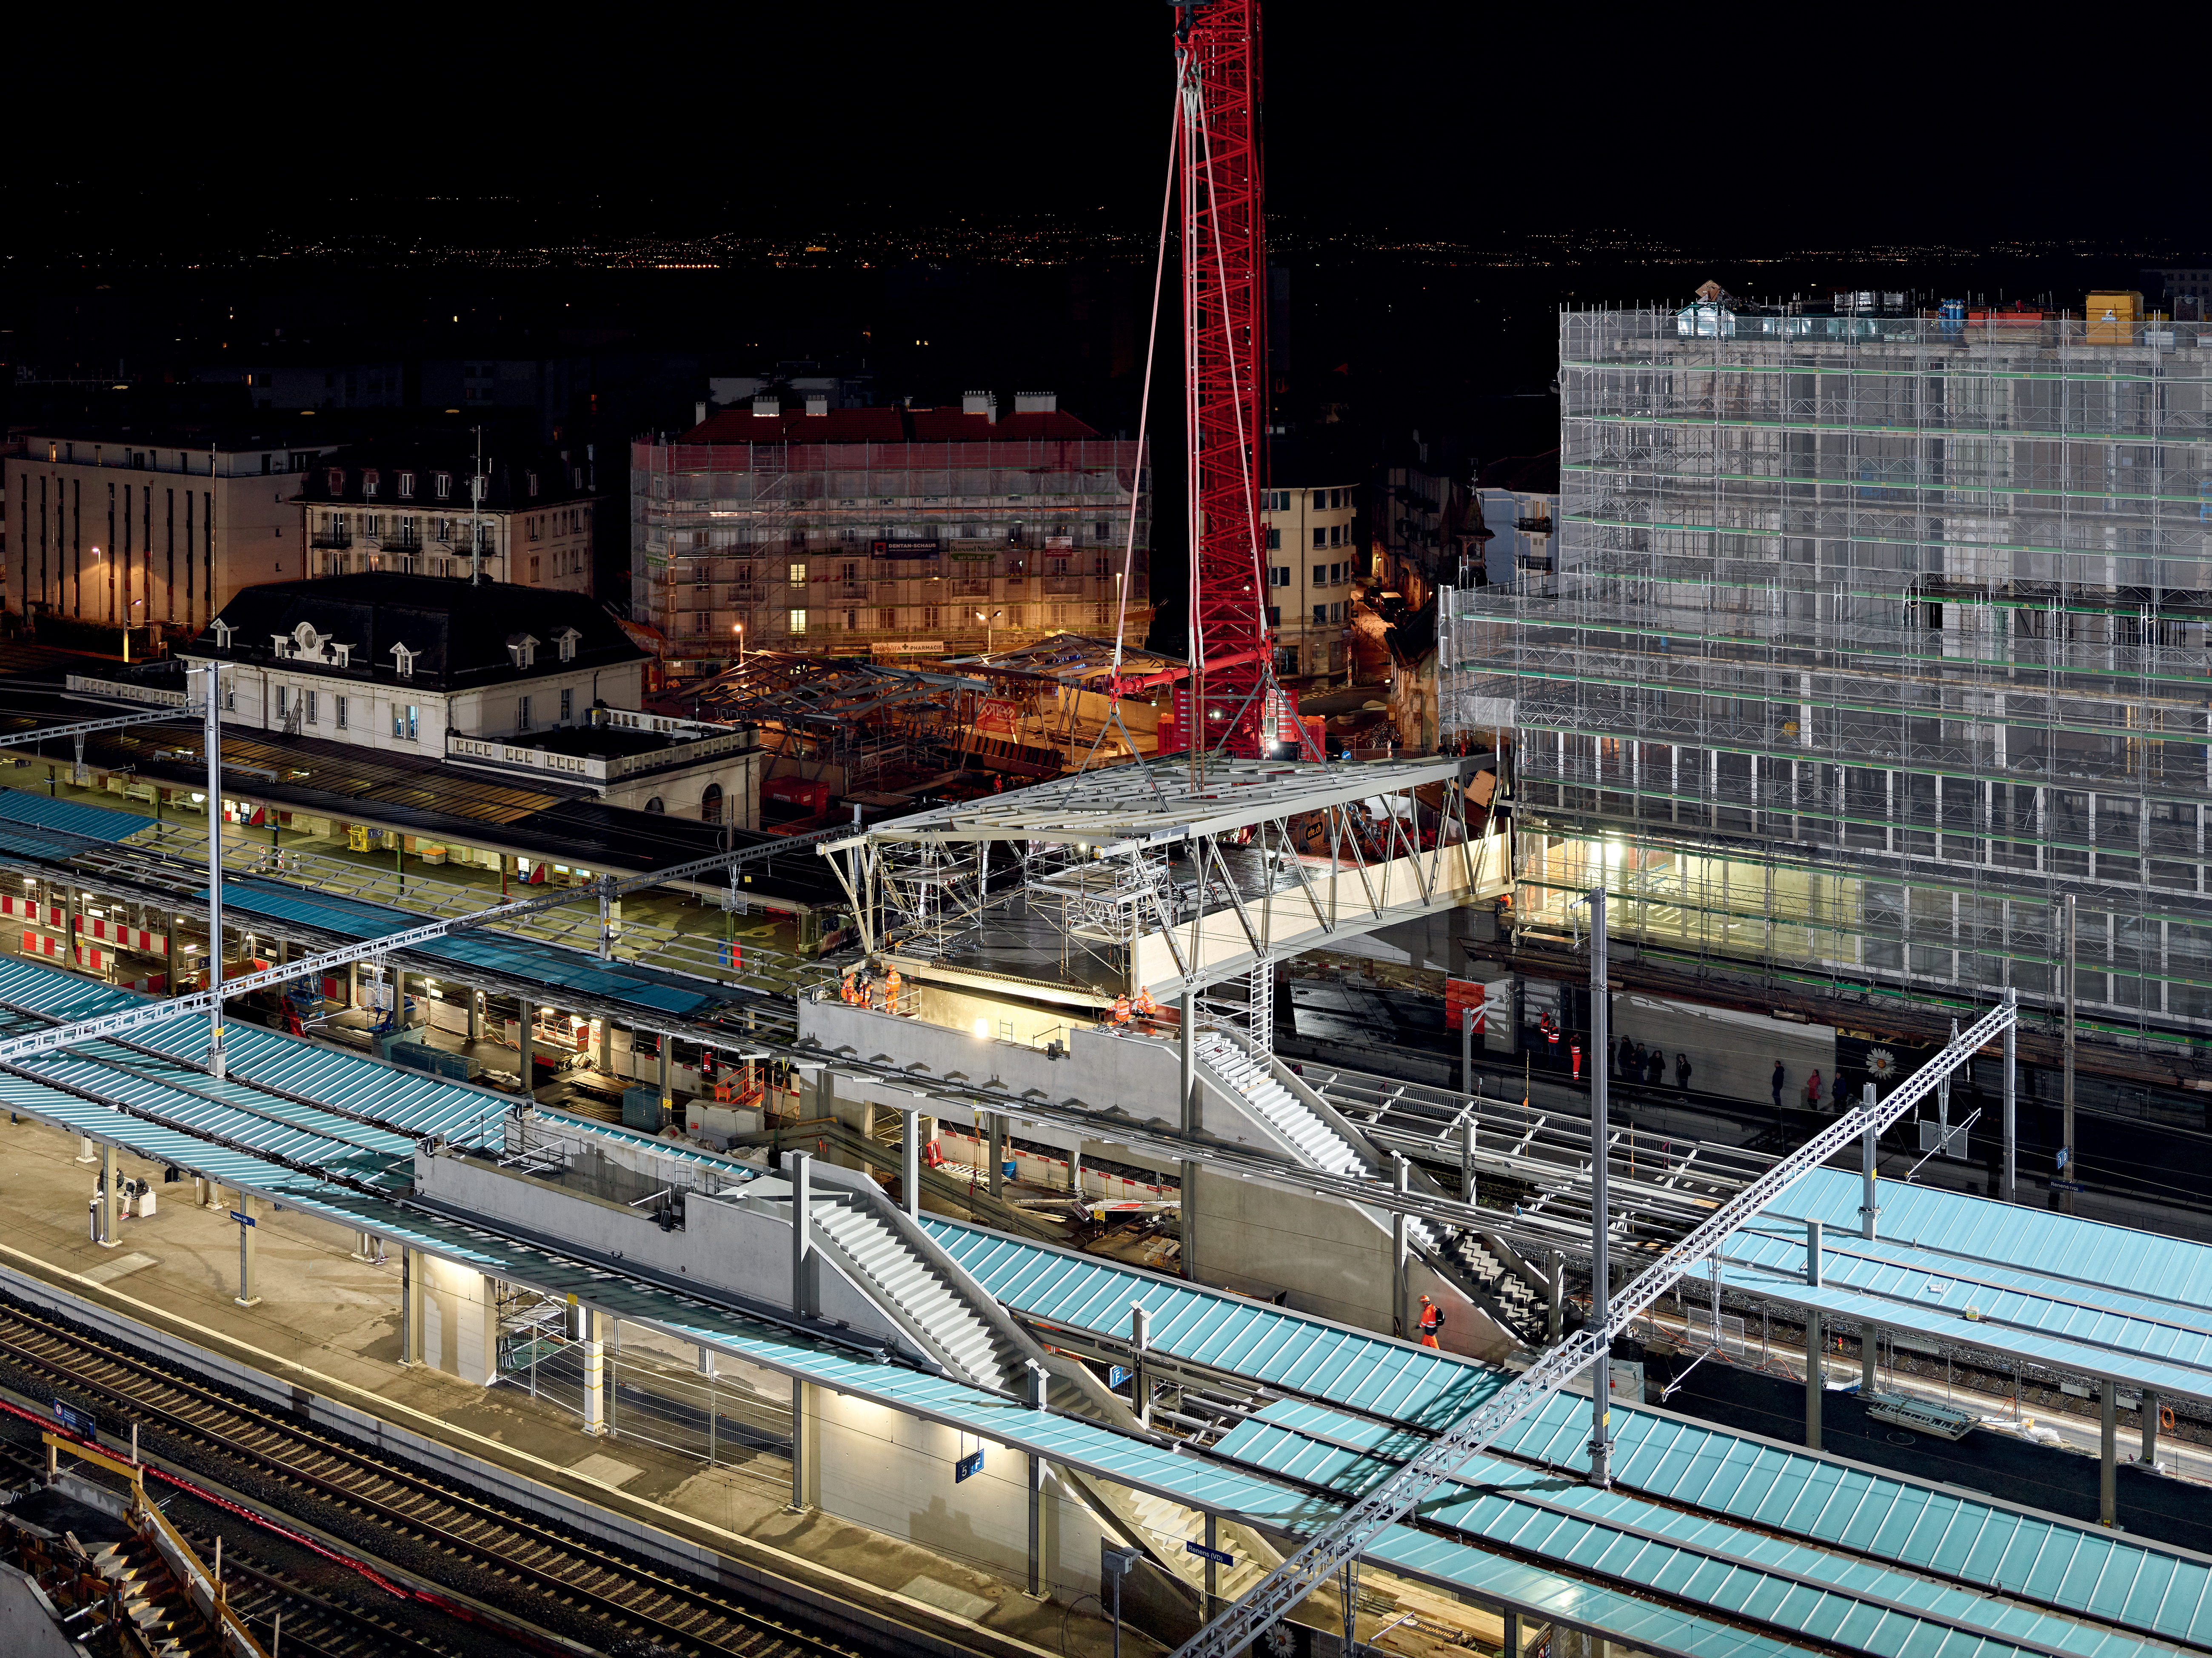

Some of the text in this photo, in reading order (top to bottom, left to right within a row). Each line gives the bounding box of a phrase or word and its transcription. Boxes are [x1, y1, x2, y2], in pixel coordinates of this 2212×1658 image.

[2058, 1153, 2067, 1165] 1 D
[2051, 1182, 2069, 1190] Renens
[231, 1213, 243, 1222] Renens
[1115, 1369, 1121, 1384] F
[961, 1458, 981, 1477] 5 F
[1187, 1545, 1223, 1563] Renens (VD)
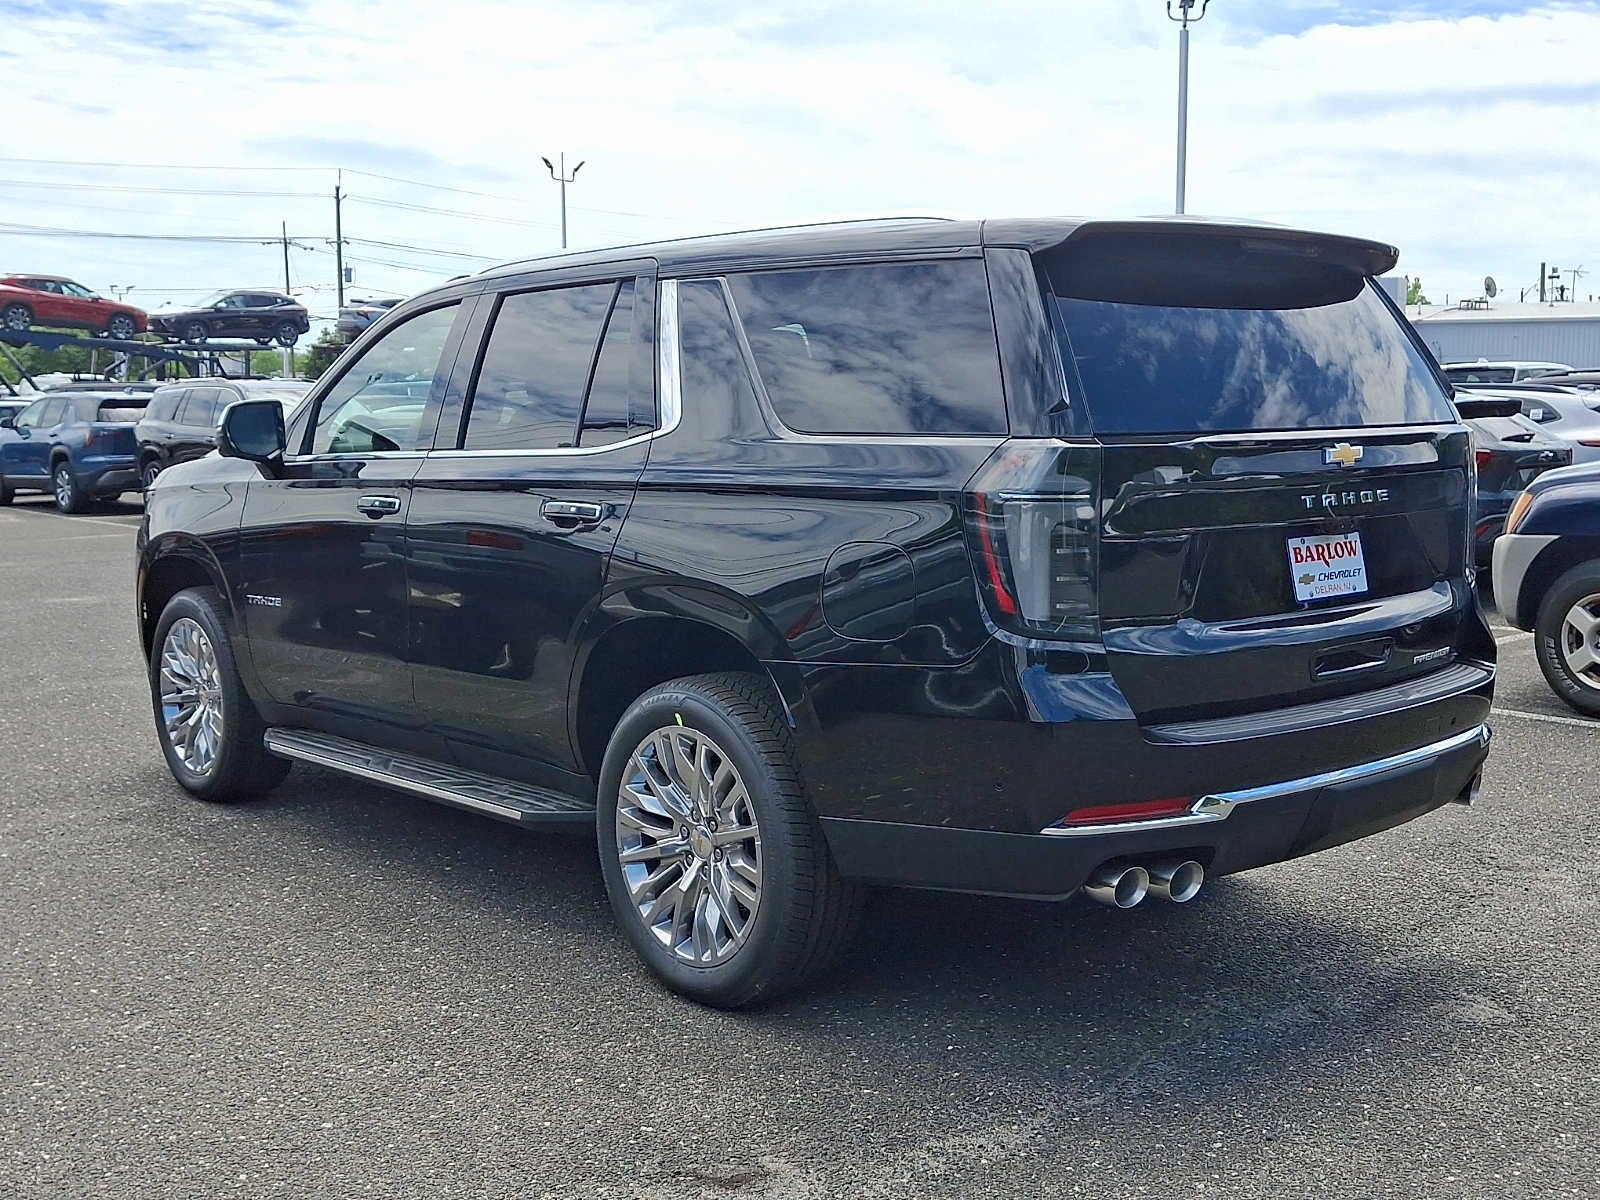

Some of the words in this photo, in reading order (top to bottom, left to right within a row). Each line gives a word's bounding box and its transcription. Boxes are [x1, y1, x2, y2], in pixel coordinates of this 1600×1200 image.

[1301, 488, 1390, 509] TAHOE
[1292, 539, 1358, 568] BARLOW
[1317, 567, 1362, 582] CHEVROLET
[246, 594, 282, 607] TAHOE
○ ○ ○ ○ ○ ○ ○
> _ACTIVITY_: All of the material must be given again exactly, though no picture may appear in the copy.

> _EXPECTED ANSWER_:
Some of the text in this photo, in reading order (top to bottom, left to right within a row). Each line gives the bounding box of a phrase or word and its transcription. Boxes are [x1, y1, x2, y2], in pixel coordinates of this 2212×1658 image.

[2058, 1153, 2067, 1165] 1 D
[2051, 1182, 2069, 1190] Renens
[231, 1213, 243, 1222] Renens
[1115, 1369, 1121, 1384] F
[961, 1458, 981, 1477] 5 F
[1187, 1545, 1223, 1563] Renens (VD)

Some of the words in this photo, in reading order (top to bottom, left to right within a row). Each line gives a word's bounding box and its transcription. Boxes are [x1, y1, x2, y2], in pixel coordinates of this 1600×1200 image.

[1301, 488, 1390, 509] TAHOE
[1292, 539, 1358, 568] BARLOW
[1317, 567, 1362, 582] CHEVROLET
[246, 594, 282, 607] TAHOE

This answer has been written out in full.